• [The task]: Output all of the data exactly as it appears, but leave out any pictures it contains.

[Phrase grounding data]

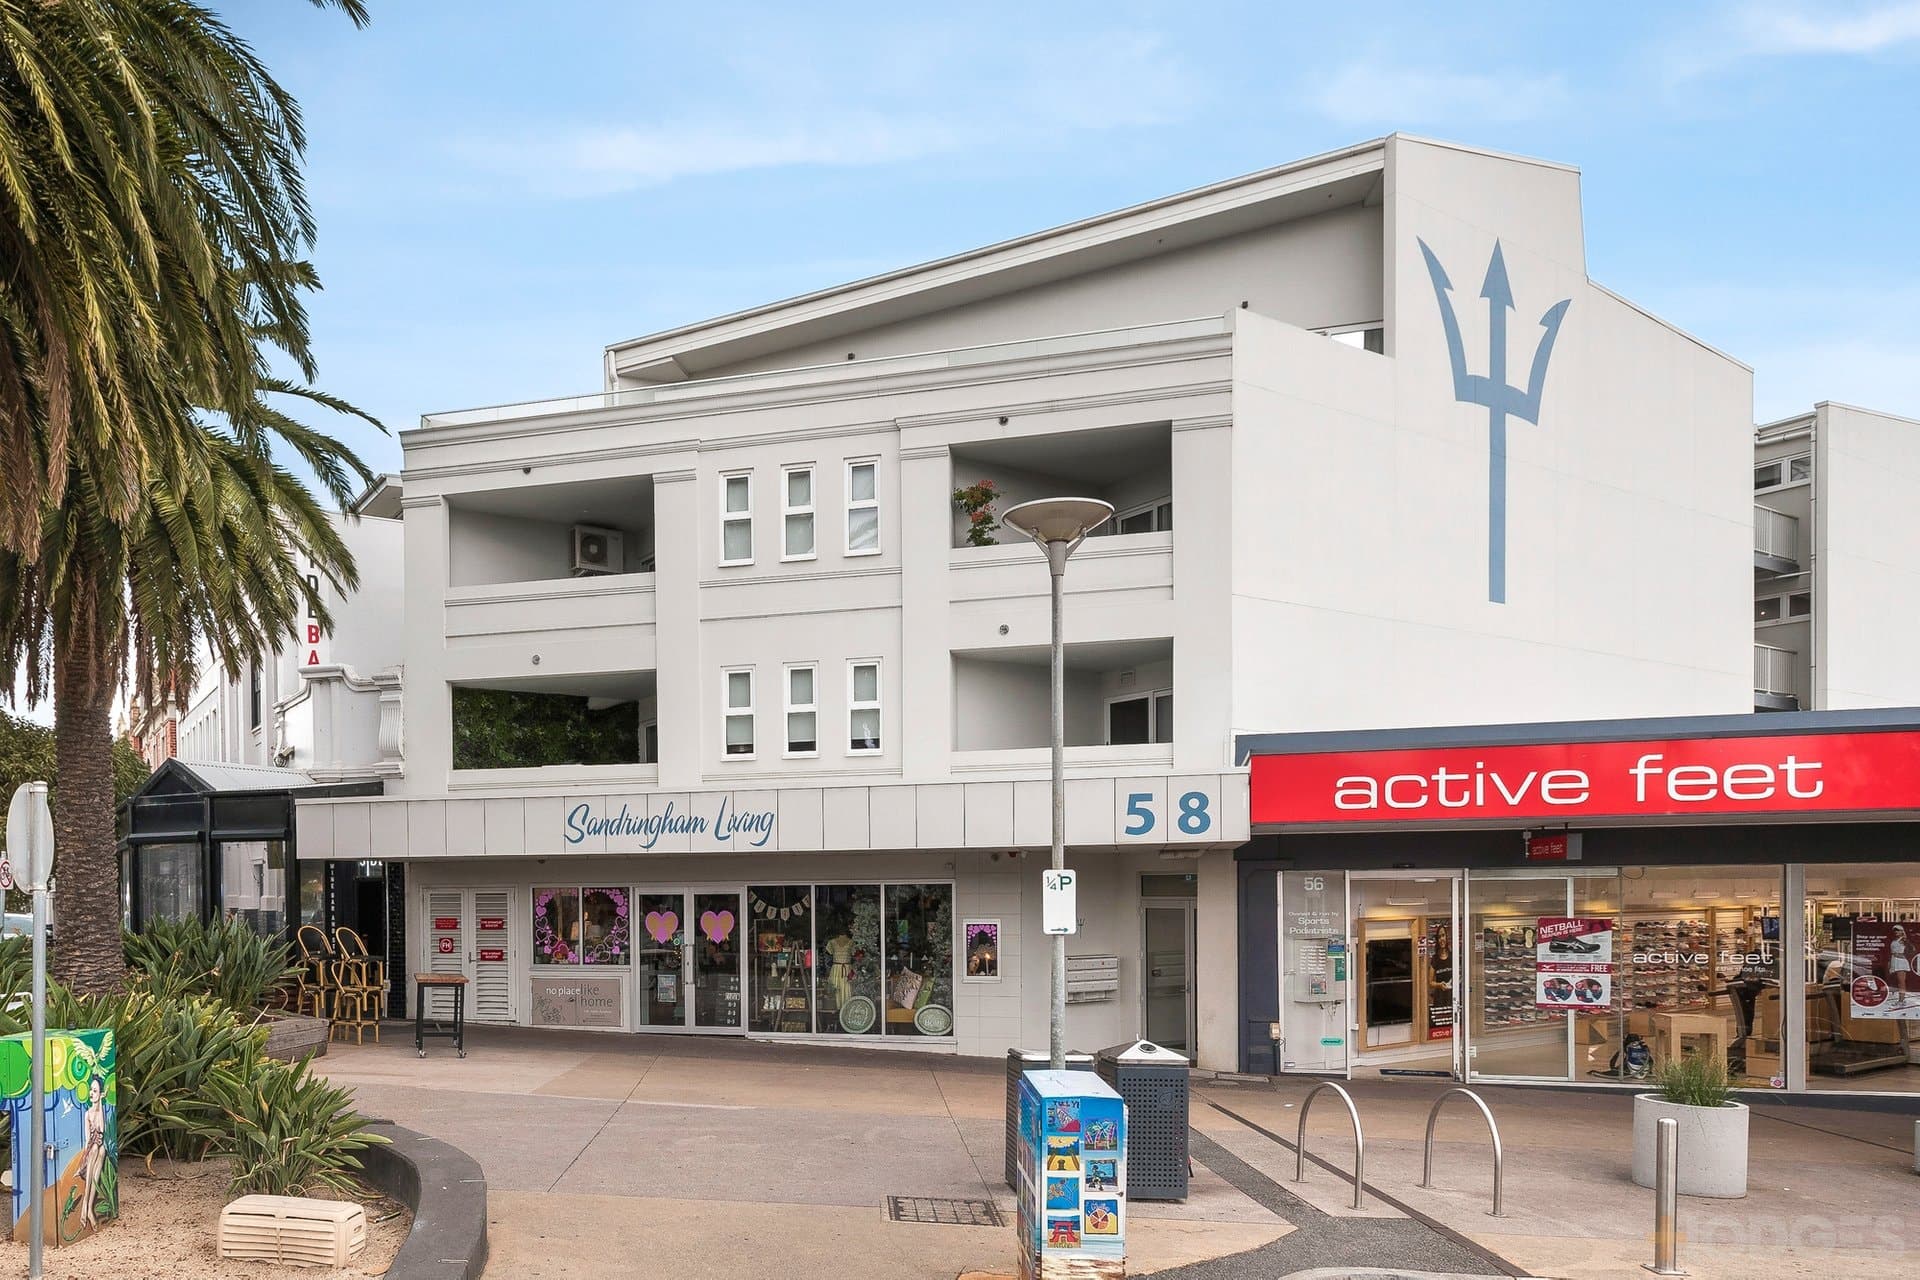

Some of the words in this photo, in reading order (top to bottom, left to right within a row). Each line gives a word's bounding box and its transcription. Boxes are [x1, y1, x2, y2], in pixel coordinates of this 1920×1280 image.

[1334, 762, 1590, 810] active
[1629, 754, 1824, 802] feet
[564, 801, 710, 849] Sandringham
[714, 795, 775, 847] Living
[1304, 877, 1324, 891] 56
[1298, 917, 1330, 926] Sports
[1540, 920, 1585, 935] NETBALL
[1289, 927, 1339, 935] Podiatrists
[1633, 950, 1709, 964] active
[1720, 950, 1774, 965] feet
[1590, 965, 1609, 973] FREE
[546, 987, 557, 995] no
[558, 986, 580, 997] place
[580, 984, 600, 996] like
[580, 996, 614, 1008] home

• [Output below]:
Some of the words in this photo, in reading order (top to bottom, left to right within a row). Each line gives a word's bounding box and its transcription. Boxes are [x1, y1, x2, y2], in pixel coordinates of this 1920×1280 image.

[1334, 762, 1590, 810] active
[1629, 754, 1824, 802] feet
[564, 801, 710, 849] Sandringham
[714, 795, 775, 847] Living
[1304, 877, 1324, 891] 56
[1298, 917, 1330, 926] Sports
[1540, 920, 1585, 935] NETBALL
[1289, 927, 1339, 935] Podiatrists
[1633, 950, 1709, 964] active
[1720, 950, 1774, 965] feet
[1590, 965, 1609, 973] FREE
[546, 987, 557, 995] no
[558, 986, 580, 997] place
[580, 984, 600, 996] like
[580, 996, 614, 1008] home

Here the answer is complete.